===== EXERCISE MATERIAL =====
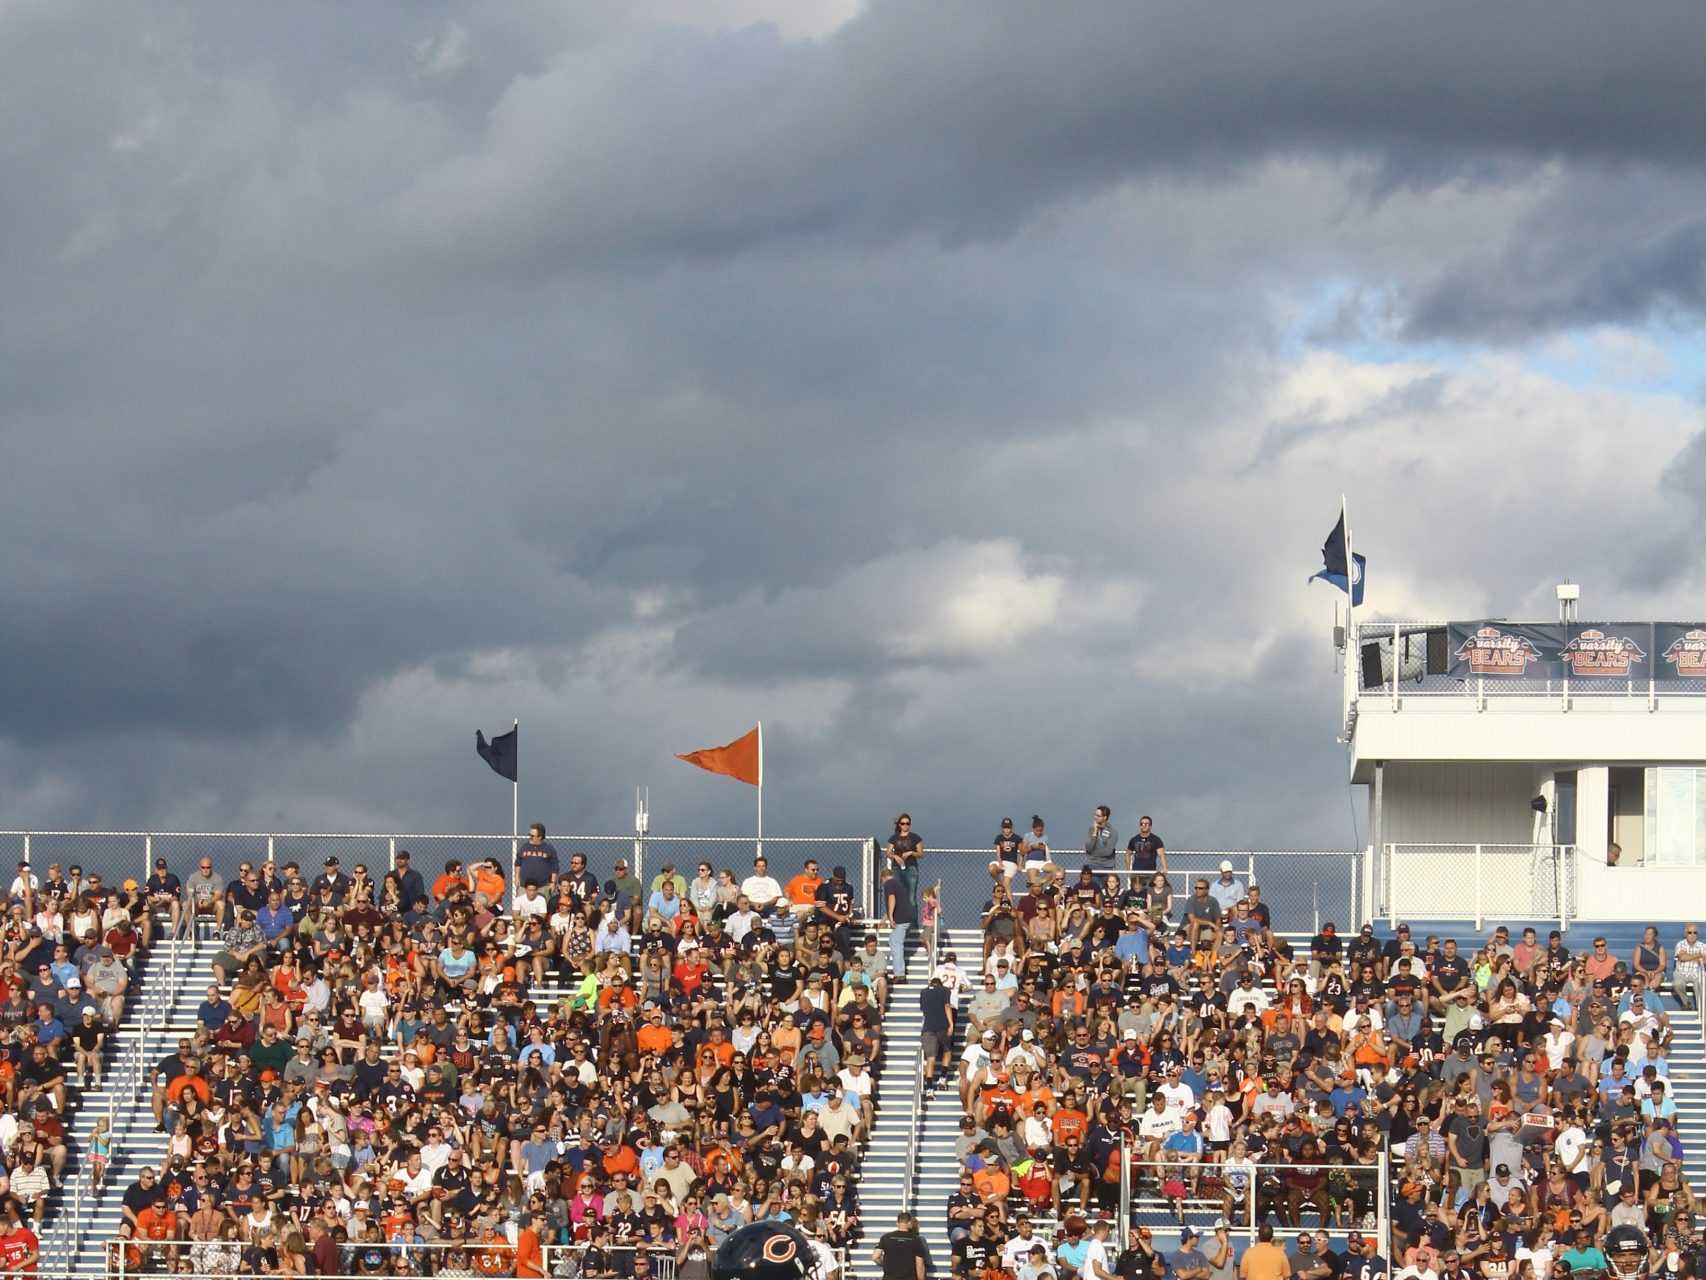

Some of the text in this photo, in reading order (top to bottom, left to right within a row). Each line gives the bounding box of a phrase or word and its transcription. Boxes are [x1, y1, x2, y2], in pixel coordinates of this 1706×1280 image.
=====
===== EXERCISE MATERIAL =====
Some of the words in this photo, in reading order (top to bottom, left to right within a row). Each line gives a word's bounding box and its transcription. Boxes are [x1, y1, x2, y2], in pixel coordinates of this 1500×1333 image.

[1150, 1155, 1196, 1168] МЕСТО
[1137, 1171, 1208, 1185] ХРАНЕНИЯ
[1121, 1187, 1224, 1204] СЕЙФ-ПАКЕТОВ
=====
===== EXERCISE MATERIAL =====
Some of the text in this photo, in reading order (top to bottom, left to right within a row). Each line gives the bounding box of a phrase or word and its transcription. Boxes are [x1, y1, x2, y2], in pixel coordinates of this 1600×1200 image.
=====
■ BRIEF: Now copy each line of the entries that mentions "phrase".

■ SOLUTION TO THIS TASK:
Some of the text in this photo, in reading order (top to bottom, left to right within a row). Each line gives the bounding box of a phrase or word and its transcription. Boxes are [x1, y1, x2, y2], in pixel coordinates of this 1706×1280 image.
Some of the text in this photo, in reading order (top to bottom, left to right within a row). Each line gives the bounding box of a phrase or word and its transcription. Boxes are [x1, y1, x2, y2], in pixel coordinates of this 1600×1200 image.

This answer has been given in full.